**INFORMATION PROVIDED**
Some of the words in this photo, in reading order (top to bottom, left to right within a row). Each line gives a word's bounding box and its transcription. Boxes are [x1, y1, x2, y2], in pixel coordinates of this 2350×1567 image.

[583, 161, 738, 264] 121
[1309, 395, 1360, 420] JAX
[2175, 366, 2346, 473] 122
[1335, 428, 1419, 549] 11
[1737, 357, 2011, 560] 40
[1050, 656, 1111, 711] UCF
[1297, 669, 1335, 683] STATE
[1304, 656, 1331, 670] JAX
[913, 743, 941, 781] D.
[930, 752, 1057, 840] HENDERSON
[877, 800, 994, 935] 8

**ACTIVITY**
Each entry is to be retyped exactly as it appears.

**SOLVED EXERCISE**
Some of the words in this photo, in reading order (top to bottom, left to right within a row). Each line gives a word's bounding box and its transcription. Boxes are [x1, y1, x2, y2], in pixel coordinates of this 2350×1567 image.

[583, 161, 738, 264] 121
[1309, 395, 1360, 420] JAX
[2175, 366, 2346, 473] 122
[1335, 428, 1419, 549] 11
[1737, 357, 2011, 560] 40
[1050, 656, 1111, 711] UCF
[1297, 669, 1335, 683] STATE
[1304, 656, 1331, 670] JAX
[913, 743, 941, 781] D.
[930, 752, 1057, 840] HENDERSON
[877, 800, 994, 935] 8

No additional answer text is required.